Name: Kelsie G.
Hometown: San Diego, CA
Occupation: Lifeguard, San Diego
Motto: “Live slow, die whenever.” (It’s a joke.)
Reflection on the job:
I’m wildly clumsy on land. I’m much better in the water. Training for beach lifeguarding consisted of a series of timed PTs, and every day I started with a run/swim/run. The experience was incredibly rewarding, and I pushed myself to my limits and gained an expansive understanding of the profession. And my dad and all his brothers were lifeguards, so the last thing on my mind was failing.
There’s a sense of community with your fellow lifeguards. I’m never hard-pressed to find a workout buddy, or someone to help me get checked off on a piece of equipment, or help me with my knot-tying skills. The little moments of community on shore speak to the nuts and bolts of lifeguarding, which is gearing up to make rescues. When I head out to save someone from a rip current, and I realize halfway the rip has started to flash, I turn around and already see my teammates heading into the water to back me up and save the rescue the other swimmers. That puts a smile on my face.
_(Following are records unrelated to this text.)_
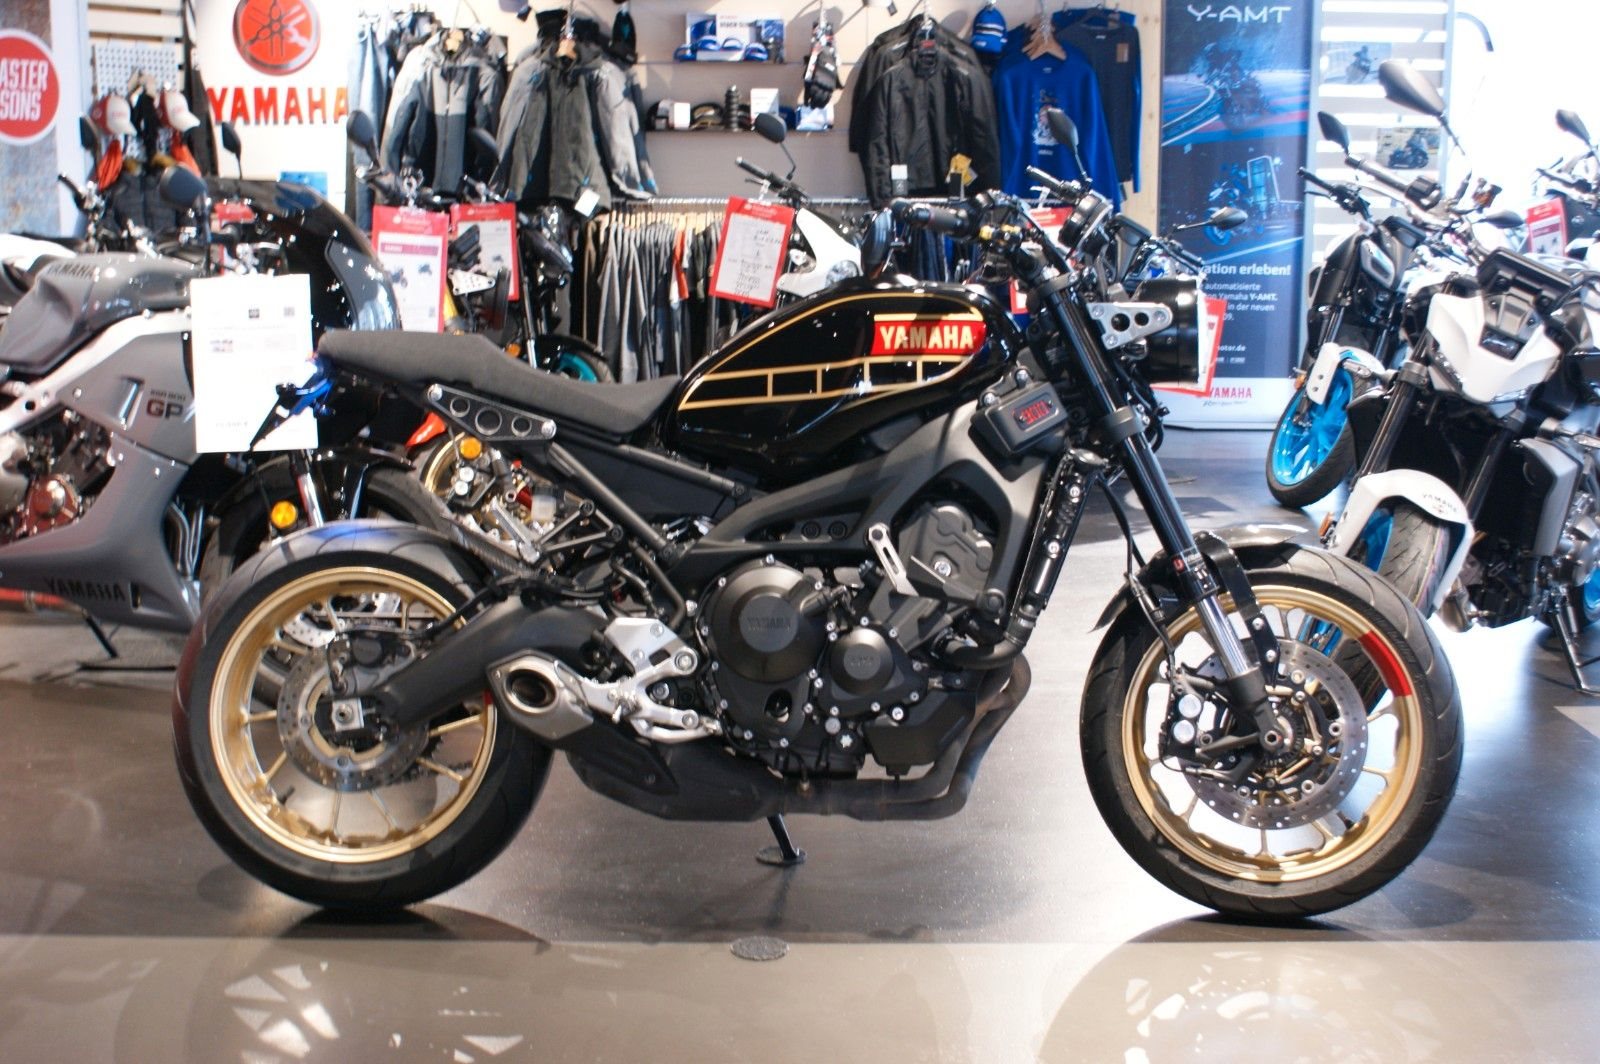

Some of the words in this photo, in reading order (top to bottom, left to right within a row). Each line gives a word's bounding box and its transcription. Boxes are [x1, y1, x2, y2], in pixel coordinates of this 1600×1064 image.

[1187, 4, 1292, 23] Y-AMT
[0, 90, 42, 121] SONS
[206, 86, 349, 125] YAMAHA
[1239, 264, 1291, 276] erleben!
[1205, 282, 1261, 291] automatisierte
[1236, 302, 1249, 311] der
[1250, 304, 1275, 312] neuen
[1249, 293, 1279, 302] Y-AMT.
[880, 324, 974, 350] YAMAHA
[146, 398, 184, 420] GP
[43, 575, 126, 602] YAMAHA
Constantly challenge yourself to achieve more. It’s more than just fitness, driving trucks on the beach, and taking jet skis into the surf. If you want to be a lifeguard, you have to be willing and able to contribute to a team.
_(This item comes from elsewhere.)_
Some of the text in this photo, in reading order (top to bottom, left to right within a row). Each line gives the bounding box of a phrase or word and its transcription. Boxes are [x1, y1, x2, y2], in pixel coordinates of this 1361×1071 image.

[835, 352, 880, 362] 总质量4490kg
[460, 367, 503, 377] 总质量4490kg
Some calls make you laugh. I was sitting in my tower, and I noticed two men slowly drifting out in a rip. They were fine for a while, but they started to kick when they realized how far out they were. I paddled out to redirect them around the rip. One of them got tangled up in his boogie board, and that’s when I realized this dude spoke literally no English. My friend grabbed the other guy, and I helped my guy untangle himself from the board. He got in the correct position just as a set rolled in, and he’s clinging to the board for dear life as dumpy waves broke on us. We caught a wave and finally made it to beach. He rolled off, stood up, looked around for a second, and pumped his fists into the air like he just accomplished something. It was incredible. We didn’t understand a word we were saying to each other, and we both just walked away unscathed. That one sticks in my mind more so than any heart-pounding rescue because it just made me laugh.
This past summer was full of training for me. I do anticipate applying for a full-time position and participating in the Advanced Academy this winter. I’ll be competing with over 40 other highly qualitied seasonal lifeguard for limited spot. For now, I’m just prepping mentally and physically for the honor of being selected.